Task instructions: The required answer is an exact copy of the records below, without pictures.

*** Information ***

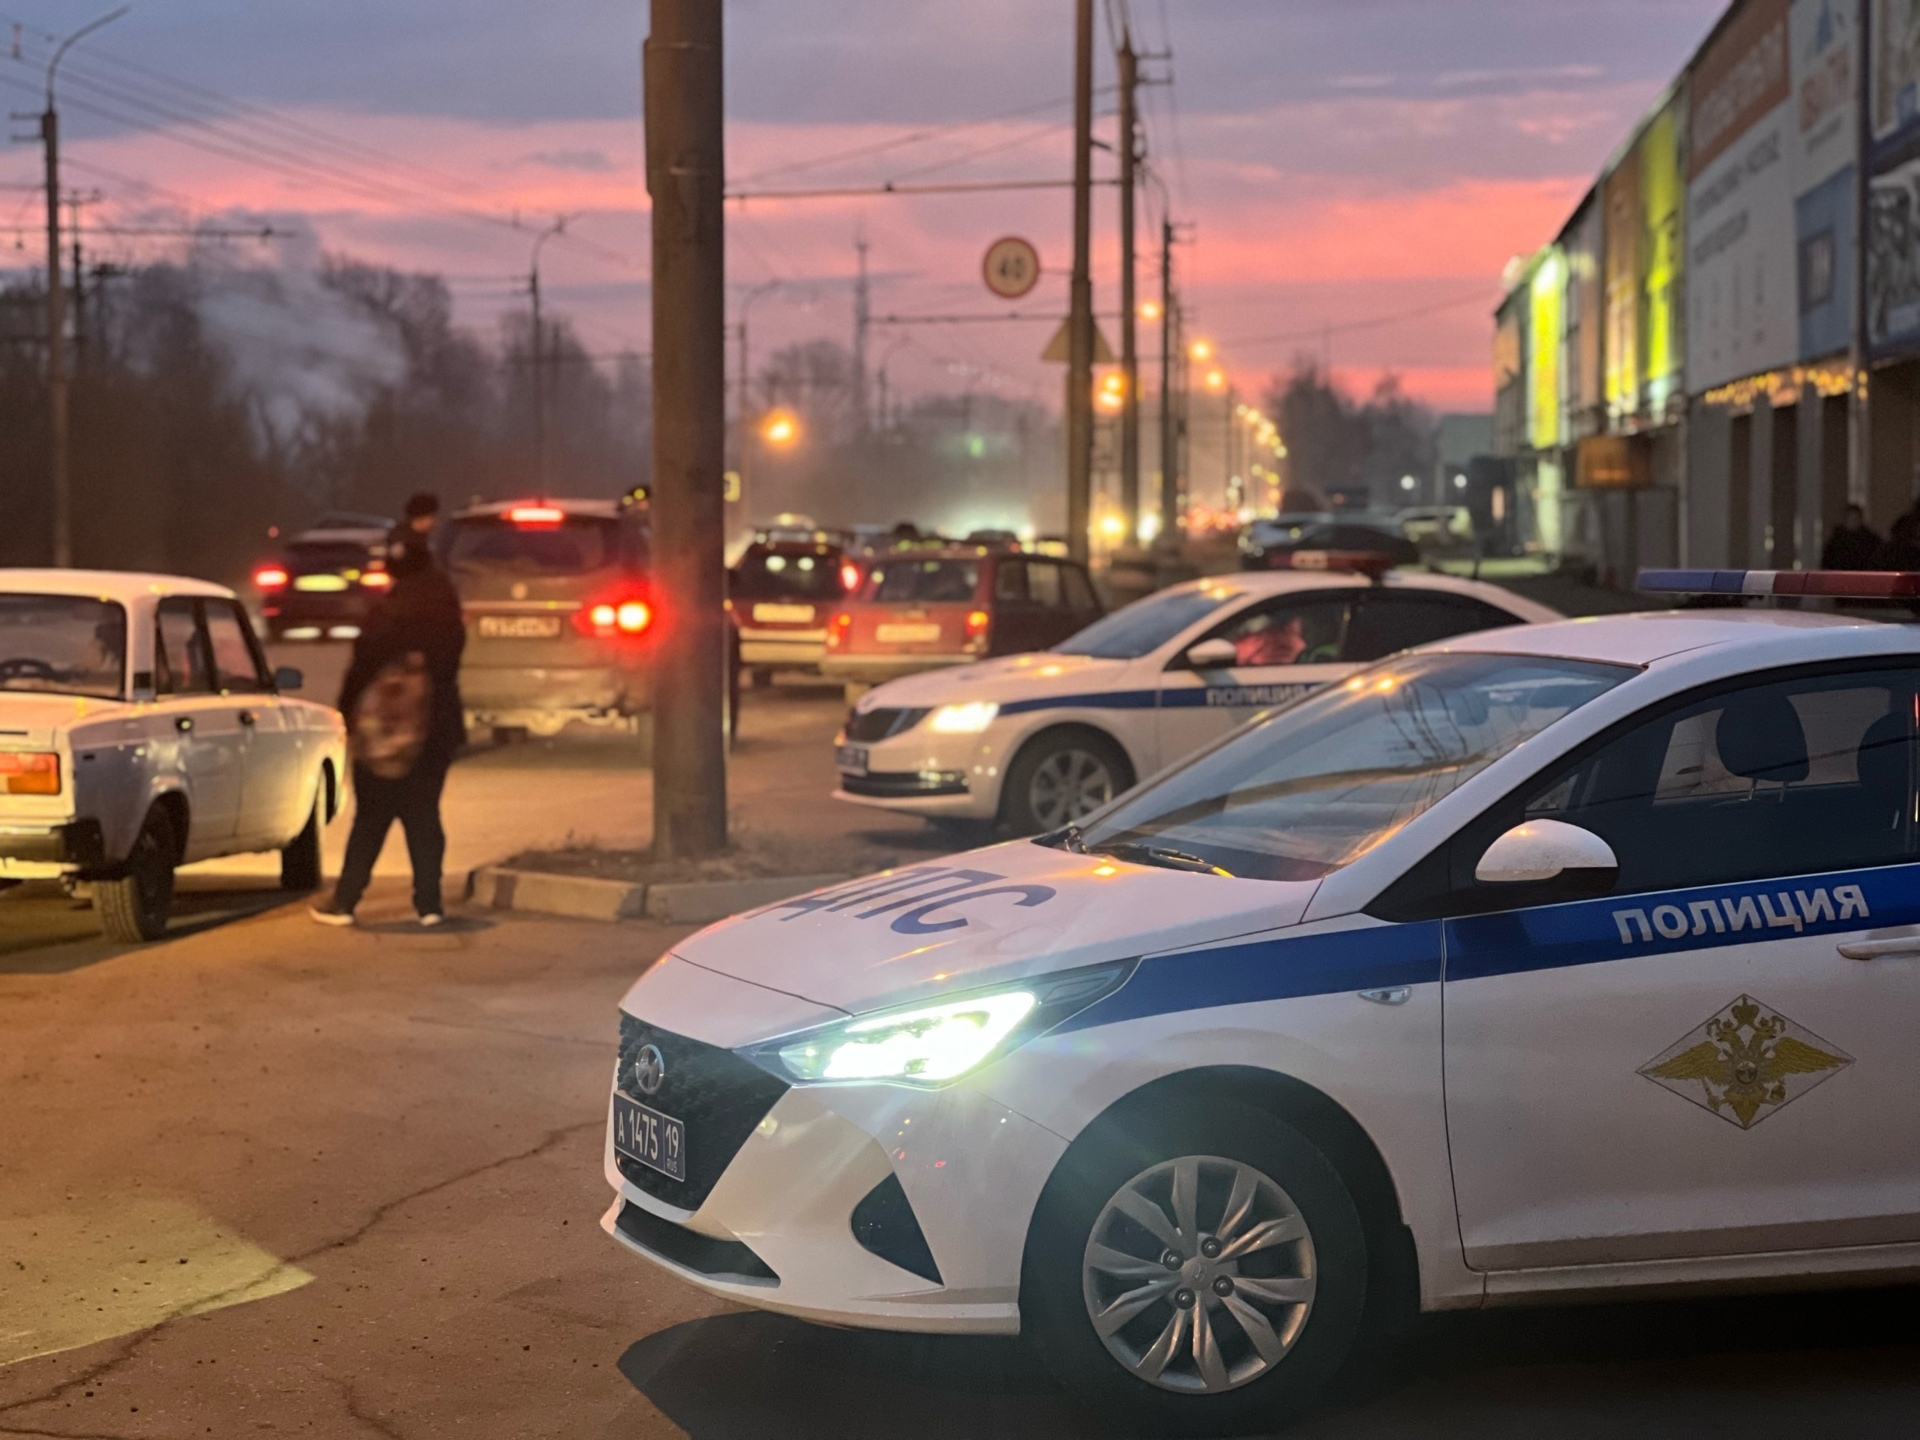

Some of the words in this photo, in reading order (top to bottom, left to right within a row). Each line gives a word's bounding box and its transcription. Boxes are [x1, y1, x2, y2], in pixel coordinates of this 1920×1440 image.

[998, 256, 1026, 280] 40
[746, 866, 1057, 935] ДПС
[1612, 884, 1870, 945] ПОЛИЦИЯ
[629, 1108, 658, 1160] 1475
[665, 1123, 679, 1158] 19
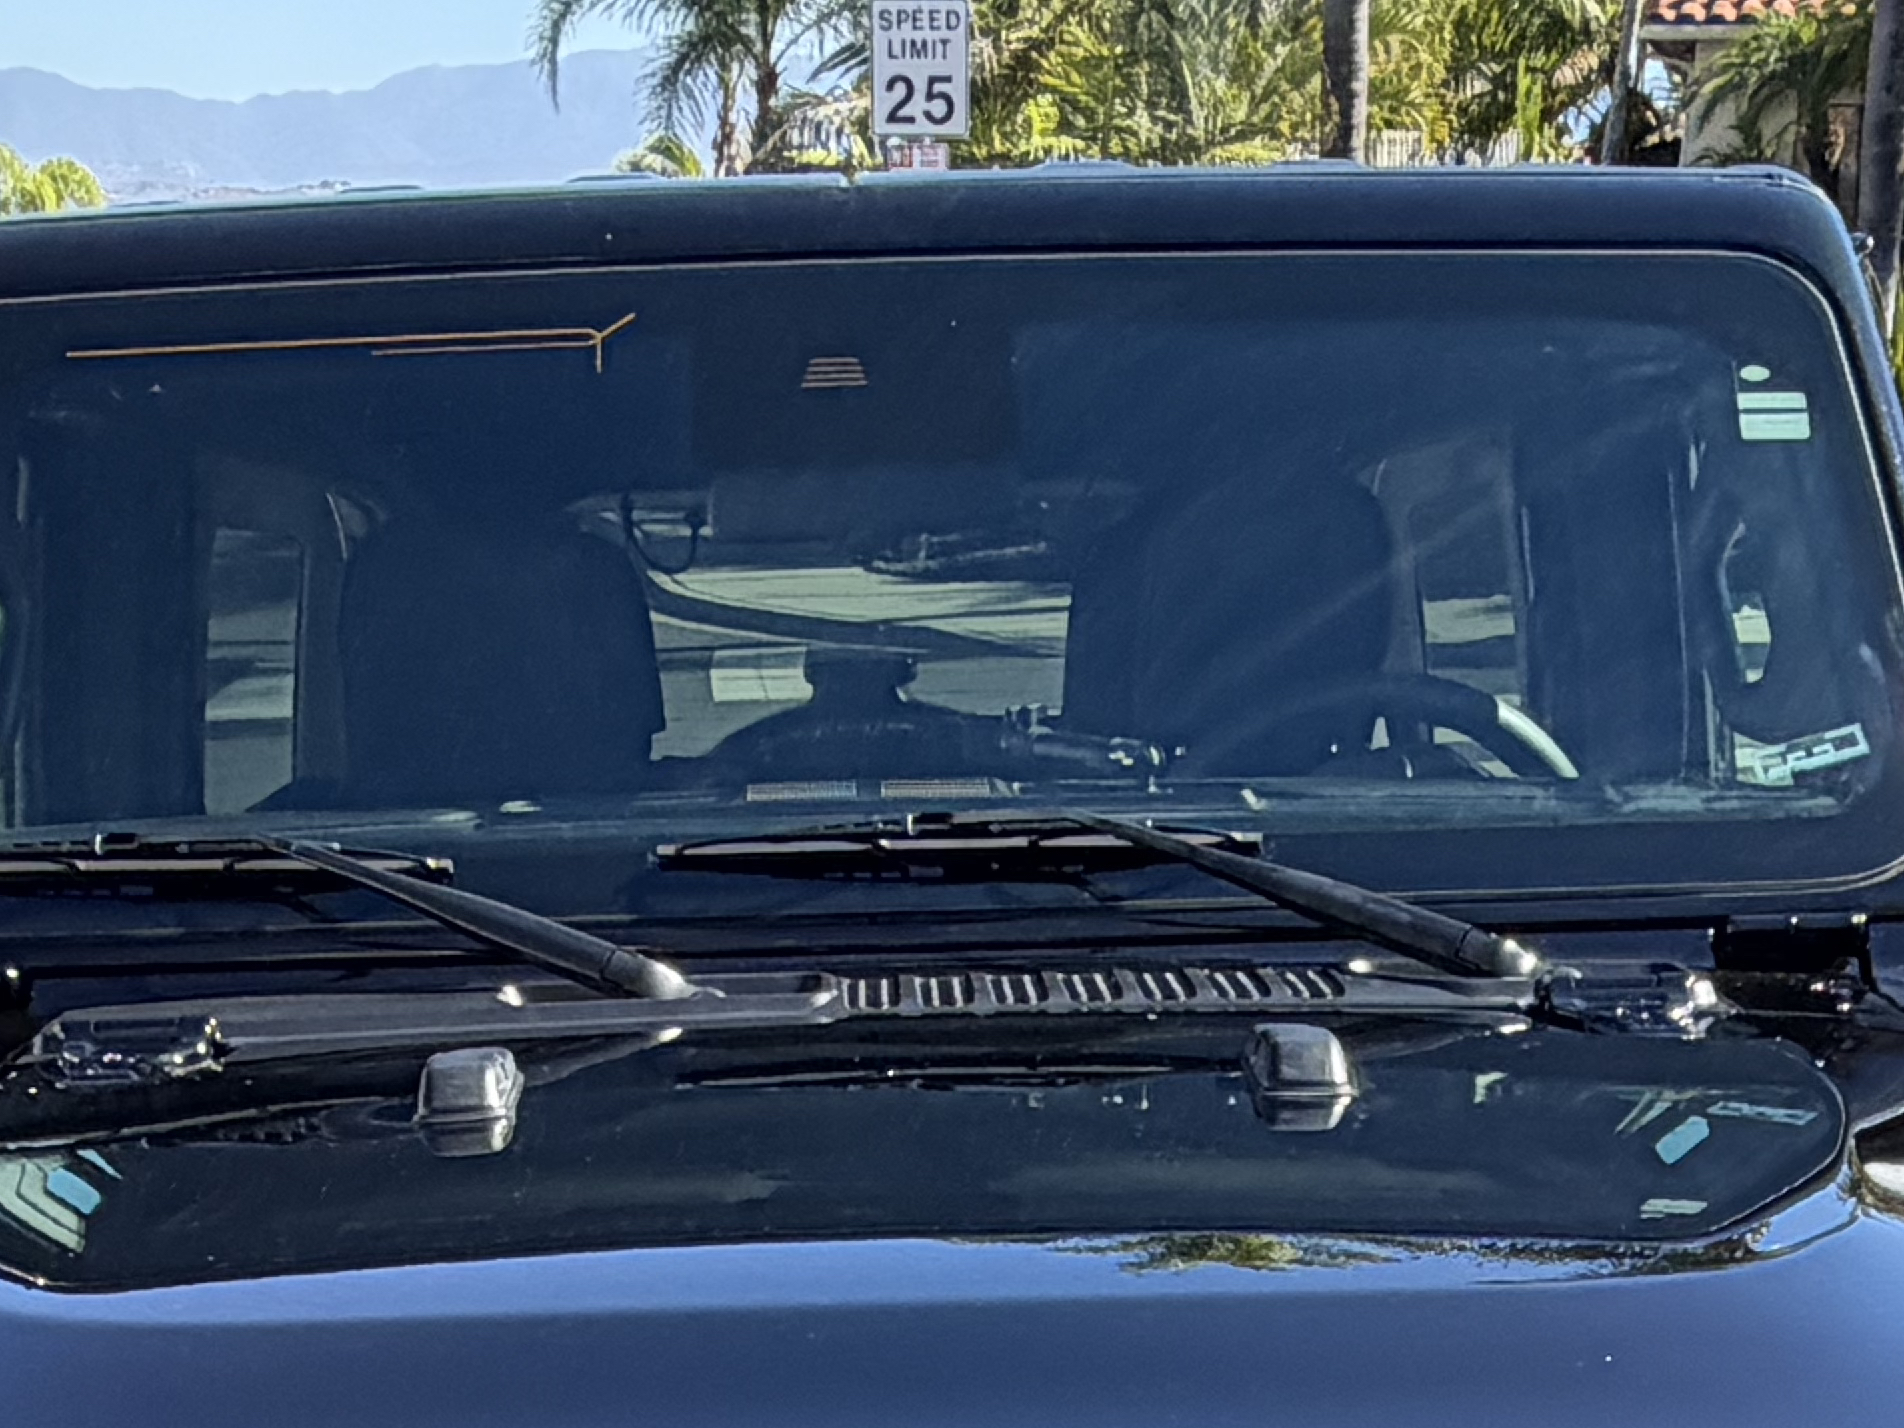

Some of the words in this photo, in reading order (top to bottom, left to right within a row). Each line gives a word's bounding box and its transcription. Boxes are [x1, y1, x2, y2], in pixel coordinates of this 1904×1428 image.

[878, 8, 961, 31] SPEED
[887, 38, 952, 60] LIMIT
[884, 74, 955, 126] 25
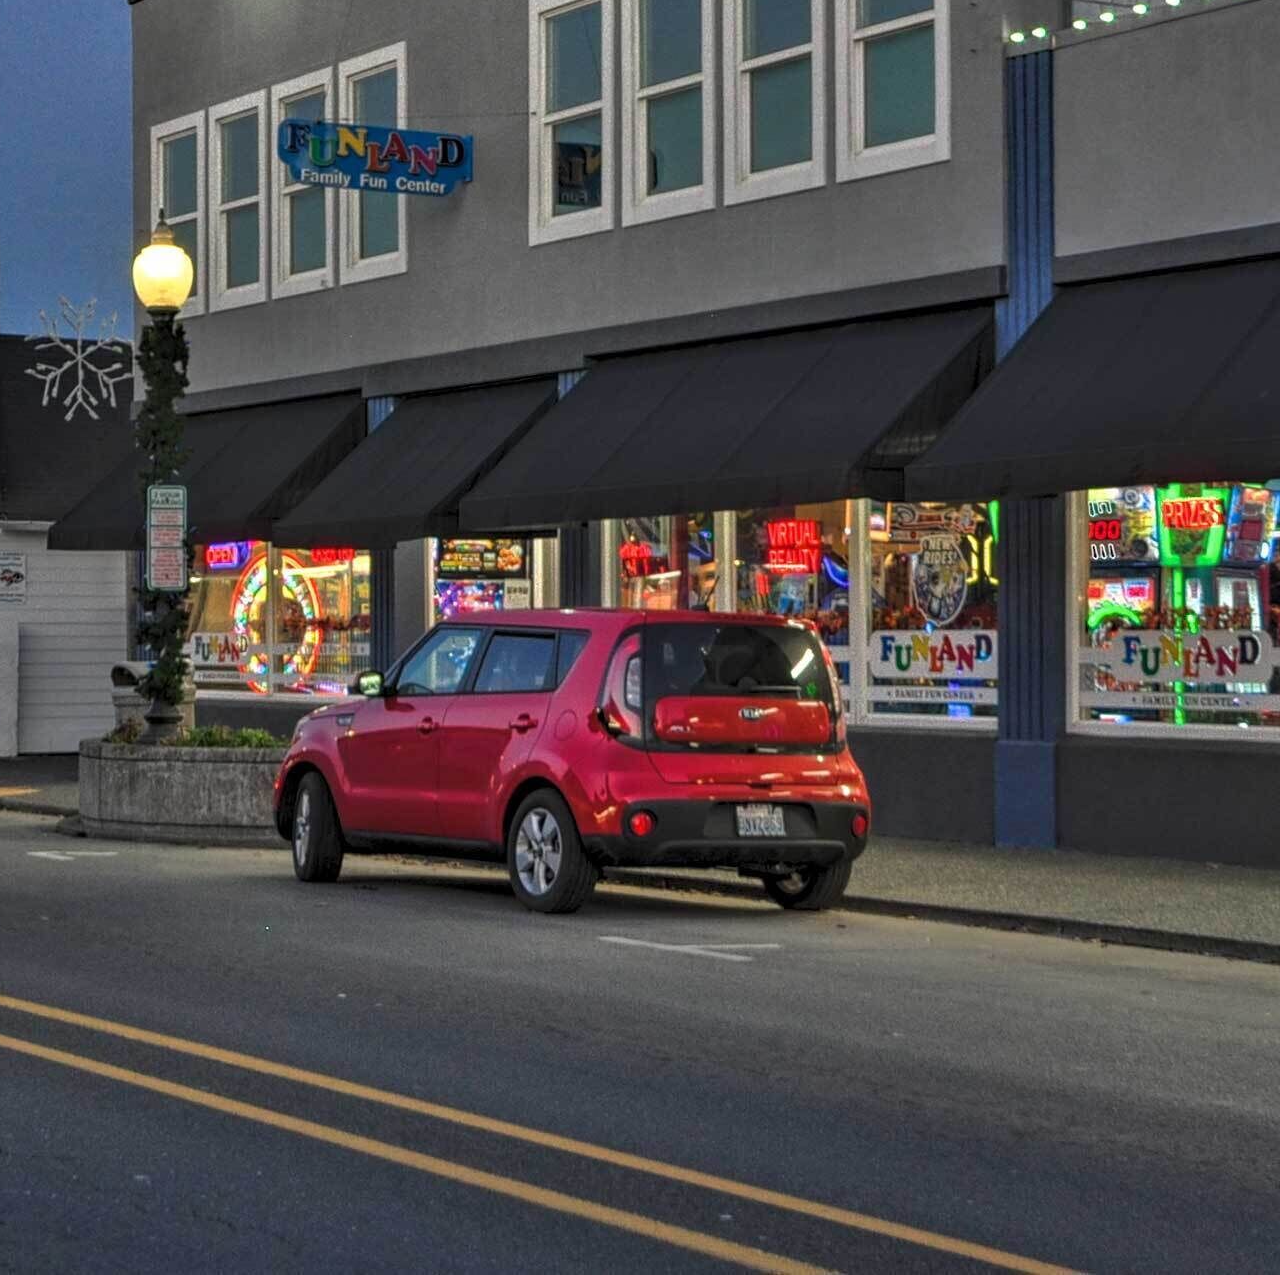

*** End of Information ***

Reply:
Some of the words in this photo, in reading order (top to bottom, left to right within a row). Each line gives a word's bounding box and its transcription. Boxes are [x1, y1, x2, y2], in pixel coordinates of this 1920×1440 image.

[998, 256, 1026, 280] 40
[746, 866, 1057, 935] ДПС
[1612, 884, 1870, 945] ПОЛИЦИЯ
[629, 1108, 658, 1160] 1475
[665, 1123, 679, 1158] 19

Some of the words in this photo, in reading order (top to bottom, left to right within a row). Each line gives a word's bounding box and its transcription. Boxes are [x1, y1, x2, y2], in pixel coordinates of this 1904×1428 image.

[878, 8, 961, 31] SPEED
[887, 38, 952, 60] LIMIT
[884, 74, 955, 126] 25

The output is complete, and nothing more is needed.